It’s all in the mix: Wasserstein machine learning with mixed features
August 30, 2024 10:00 AM Singapore (Registration starts at 9:50 AM)
Abstract
A key challenge in data-driven decision-making is the presence of estimation errors in the prediction models, which tend to be amplified by the subsequent optimization model — a phenomenon that is often referred to as the Optimizer’s Curse. A contemporary approach to combat such estimation errors is offered by distributionally robust problem formulations that consider all data-generating distributions close to the empirical distribution derived from historical samples, where ‘closeness’ is determined by the Wasserstein distance. While those techniques show significant promise in problems where all input features are continuous, they scale exponentially when categorical features are present. This work demonstrates that such mixed-feature problems can indeed be solved in polynomial time. We present a practically efficient algorithm to solve mixed-feature problems and compare our method against alternative techniques.
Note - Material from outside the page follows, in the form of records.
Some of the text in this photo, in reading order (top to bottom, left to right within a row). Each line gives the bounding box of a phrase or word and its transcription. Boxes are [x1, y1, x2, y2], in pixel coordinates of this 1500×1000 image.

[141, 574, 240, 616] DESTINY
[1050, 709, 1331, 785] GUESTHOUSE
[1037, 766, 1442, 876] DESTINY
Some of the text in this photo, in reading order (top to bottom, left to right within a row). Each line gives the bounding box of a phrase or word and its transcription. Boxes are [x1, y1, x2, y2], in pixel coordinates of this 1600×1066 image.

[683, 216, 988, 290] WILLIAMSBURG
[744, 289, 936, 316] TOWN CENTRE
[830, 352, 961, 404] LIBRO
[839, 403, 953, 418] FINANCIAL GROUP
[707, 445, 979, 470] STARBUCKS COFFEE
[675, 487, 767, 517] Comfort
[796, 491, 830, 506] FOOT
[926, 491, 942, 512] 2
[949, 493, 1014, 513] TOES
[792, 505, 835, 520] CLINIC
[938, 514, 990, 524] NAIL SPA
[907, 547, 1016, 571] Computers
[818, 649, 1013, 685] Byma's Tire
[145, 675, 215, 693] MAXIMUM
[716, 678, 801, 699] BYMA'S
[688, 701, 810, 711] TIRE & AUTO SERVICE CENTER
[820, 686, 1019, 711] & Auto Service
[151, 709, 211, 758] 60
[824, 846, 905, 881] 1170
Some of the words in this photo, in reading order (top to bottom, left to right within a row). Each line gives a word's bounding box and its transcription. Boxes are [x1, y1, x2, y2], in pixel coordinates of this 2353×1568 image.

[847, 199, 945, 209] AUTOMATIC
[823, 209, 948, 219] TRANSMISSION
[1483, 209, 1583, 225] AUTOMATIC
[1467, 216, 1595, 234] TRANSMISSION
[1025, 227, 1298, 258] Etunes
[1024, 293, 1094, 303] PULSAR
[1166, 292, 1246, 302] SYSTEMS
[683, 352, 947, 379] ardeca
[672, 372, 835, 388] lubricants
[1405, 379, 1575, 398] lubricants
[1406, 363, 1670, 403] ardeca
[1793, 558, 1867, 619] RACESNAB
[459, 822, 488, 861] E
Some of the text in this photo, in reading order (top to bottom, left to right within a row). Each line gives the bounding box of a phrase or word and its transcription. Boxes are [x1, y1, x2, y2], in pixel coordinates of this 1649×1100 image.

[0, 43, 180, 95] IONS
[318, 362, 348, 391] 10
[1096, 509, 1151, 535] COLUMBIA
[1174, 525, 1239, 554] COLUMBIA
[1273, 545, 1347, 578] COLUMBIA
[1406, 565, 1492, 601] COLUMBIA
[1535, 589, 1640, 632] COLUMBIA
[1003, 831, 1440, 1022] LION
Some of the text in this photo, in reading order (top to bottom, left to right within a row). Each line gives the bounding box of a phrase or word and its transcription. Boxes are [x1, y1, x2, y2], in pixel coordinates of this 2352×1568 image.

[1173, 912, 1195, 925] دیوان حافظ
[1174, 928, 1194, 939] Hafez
PAPER: https://arxiv.org/abs/2312.12230
About the Speaker
Aras is a final-year doctoral candidate at Imperial College Business School, advised by Wolfram Wiesemann as a member of the Models and Algorithms for Decision-Making under Uncertainty research group. He is affiliated with the Computational Optimization Group and the Data Science Institute of Imperial College London. Aras has recently completed a PhD placement at The Alan Turing Institute and a PhD Associate Internship at JP Morgan AI Research.
Aras’s research interests are the theory of data-driven decision-making under uncertainty and its applications in machine learning, privacy, and fairness. In his recent works, he has been working on designing optimal privacy mechanisms, developing efficient algorithms for robust machine learning, and approximating hard decision-making problems via robust optimization.